El mundo estaba en orden… por el momento. Doc cerró sus ojos y se calentó al sol. Lo que
hubiera de inquietarle podría esperar.
—¡Eh, Doc! ―Doc abrió sus ojos. Axel estaba de pie ante él―. Adivina lo que vi esta mañana.
Doc tembló.
—No será otro robot, ¿no?
—¡Nooo! —Axel descartó el asunto con un gesto de su pata delantera—. Era una rana. ¡Aquí!
¡Miraba el video!
—Ya veo, Axel —Doc se esforzó por sonreír—. Y ¿qué estaba mirando?
—No presté atención, pero oí voces como las de las noticias, cuando hablan de abastecimientos
del comercio y volcanes submarinos —observó a Doc, quien atendía a la pantalla del video: el
hombre gordo se lamentaba y el piano rodaba escaleras abajo—. No me crees, ¿verdad?
—Mi pequeño amigo, recuerdo cuando nos advertiste de la ola gigantesca que se nos
aproximaba. Y recuerdo cuando nos dijiste que el Ejército de Virginia del Norte había acampado al
lado de la entrada de autos. Y la otra vez fueron las hordas sarracenas a caballo por el bosque,
recuerdo eso también. Y ¿cómo olvidar los cruceros de batalla de Alfa Centauri, despidiendo sus
rayos de fotones hacia las líneas de energía?

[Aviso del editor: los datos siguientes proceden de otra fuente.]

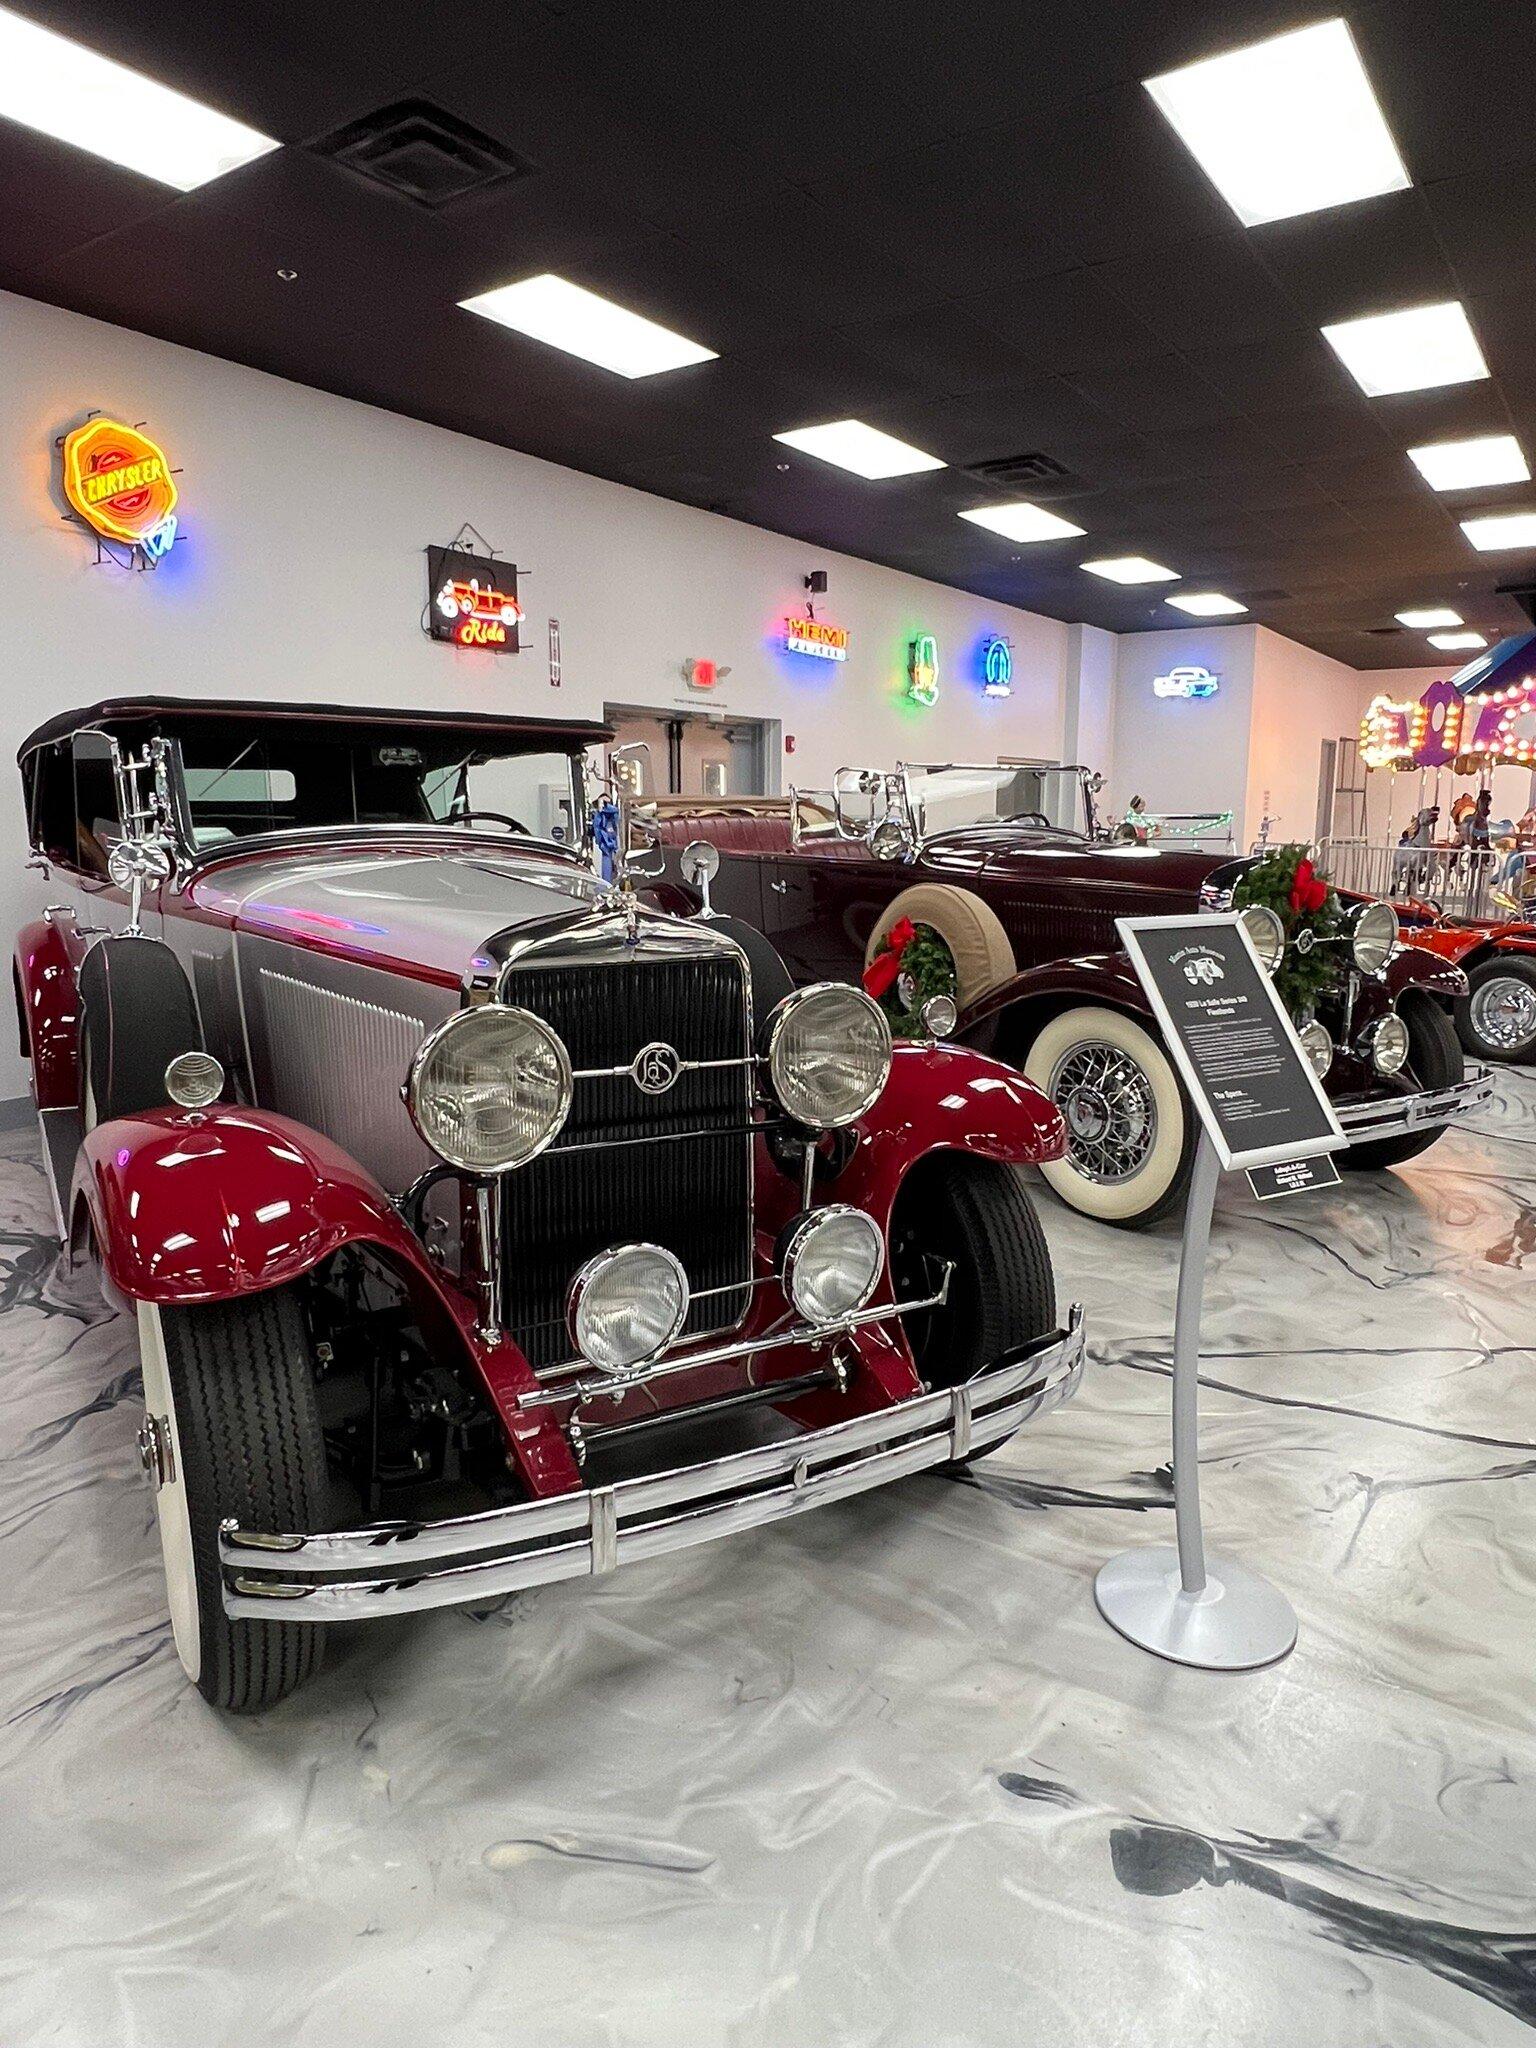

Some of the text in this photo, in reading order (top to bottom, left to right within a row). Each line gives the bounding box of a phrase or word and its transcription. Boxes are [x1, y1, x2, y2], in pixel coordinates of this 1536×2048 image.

[87, 458, 162, 502] CHRYSLER
[461, 617, 506, 644] Ride
[788, 618, 847, 648] HEMI

—Pero eso era jugando —aseveró Axel—. Ésta era una rana de verdad verdadera.
—Axel —Doc le dio golpecitos en lo alto de la cabeza—, te creo cuando dices que viste una rana
aquí esta mañana. Pero respecto a lo demás, preferiría no hacer conjeturas.

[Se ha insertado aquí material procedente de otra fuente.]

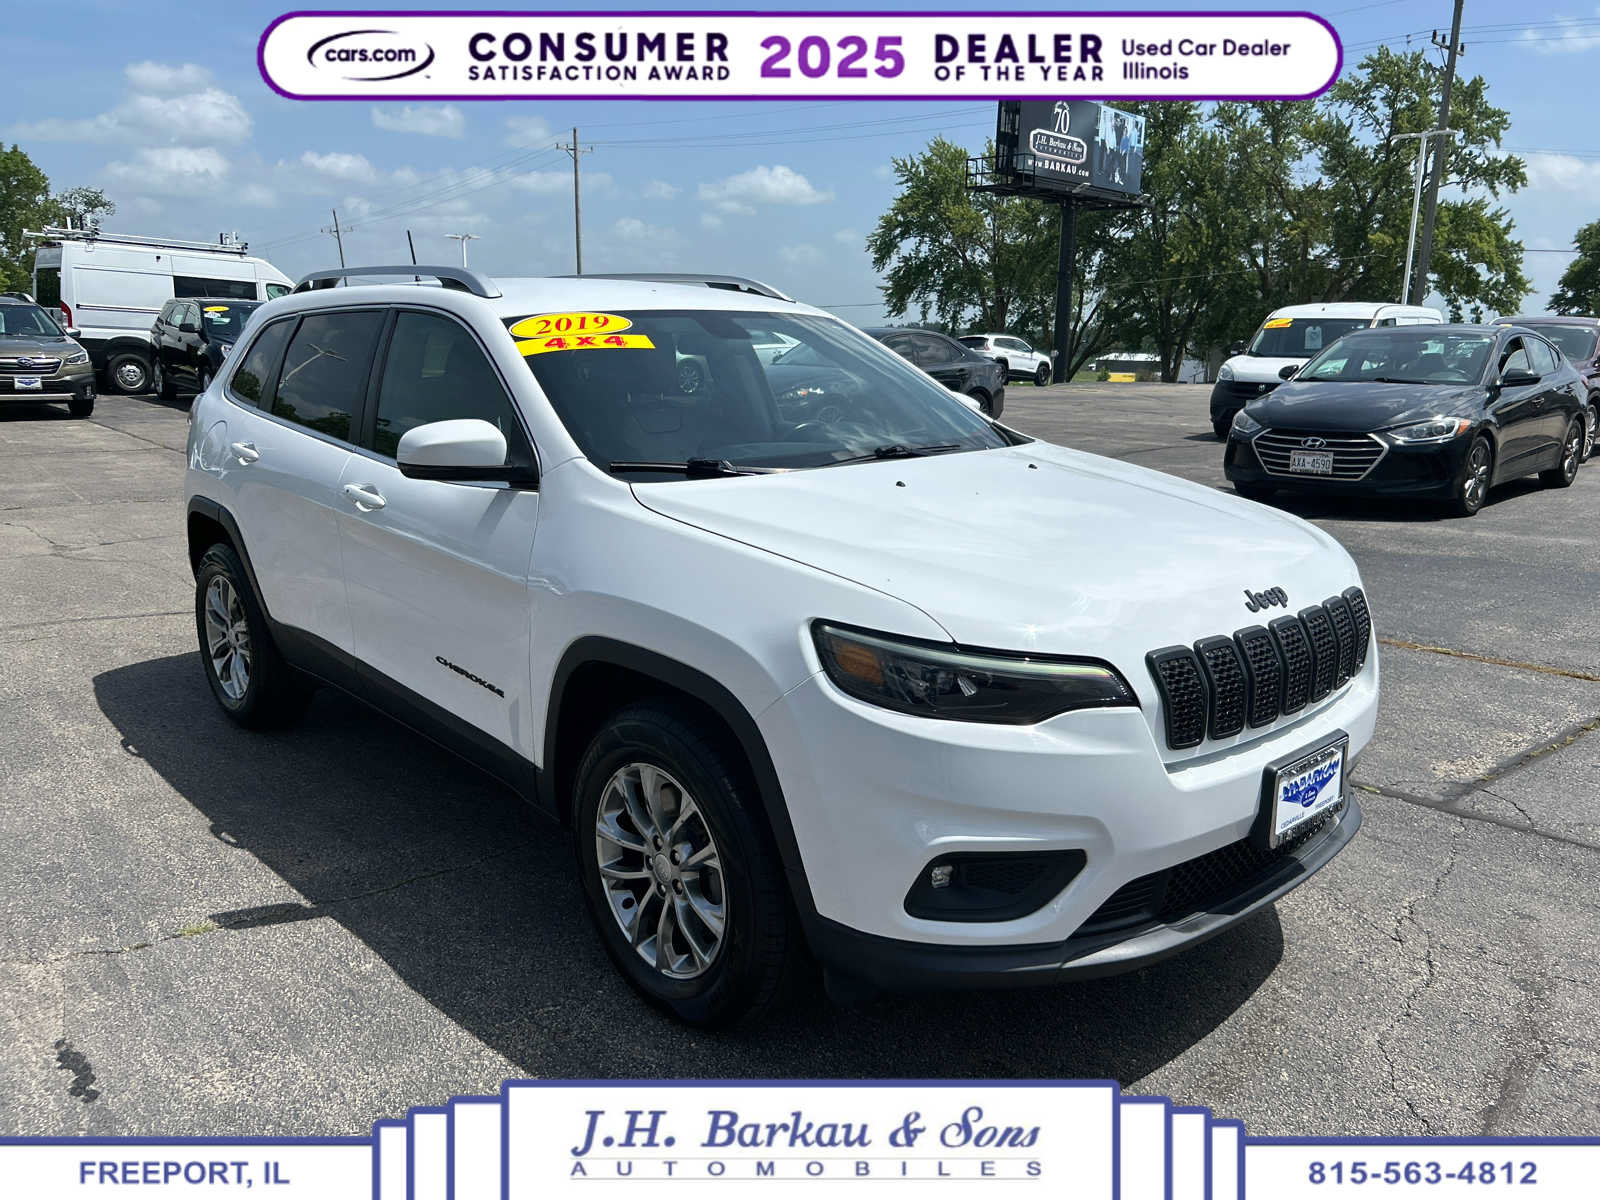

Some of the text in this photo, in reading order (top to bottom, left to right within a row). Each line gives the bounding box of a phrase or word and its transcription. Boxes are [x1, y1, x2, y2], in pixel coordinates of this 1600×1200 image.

[1053, 107, 1070, 134] 70
[536, 315, 609, 335] 2019
[1243, 586, 1289, 613] Jeep
[435, 655, 505, 699] CHEROKEE

Doc cerró sus ojos para volver a su baño de sol, pero la mancha había cambiado de sitio por
entonces, y empujó su taburete para recapturarla.
Axel ―aún dudando sobre el significado de «conjeturas»— se retiró de su lado.
Kara y Hetman estaban al lado. Ella leía el pasaje de la novela donde Clarence describe a Harry
Morgan la trampa del Rey Arturo contra Sir Launcelot.
—¿Lancelot? —Axel olvidó la rana por un momento y preguntó—. ¿Dónde? ¿Dónde está
Lancelot?
—Laun - celot —corrigió Kara—. El nombre es Sir Launcelot. No está en ningún lugar; es un
personaje de este libro.
—Ohhh —Axel recordaba Lancelot, pero no Launcelot. Lancelot no era un personaje, era un
saurio, un amigo de hacía mucho, mucho, mucho tiempo. Axel trató de recordar otras cosas, pero
por más que lo intentó se había olvidado del resto.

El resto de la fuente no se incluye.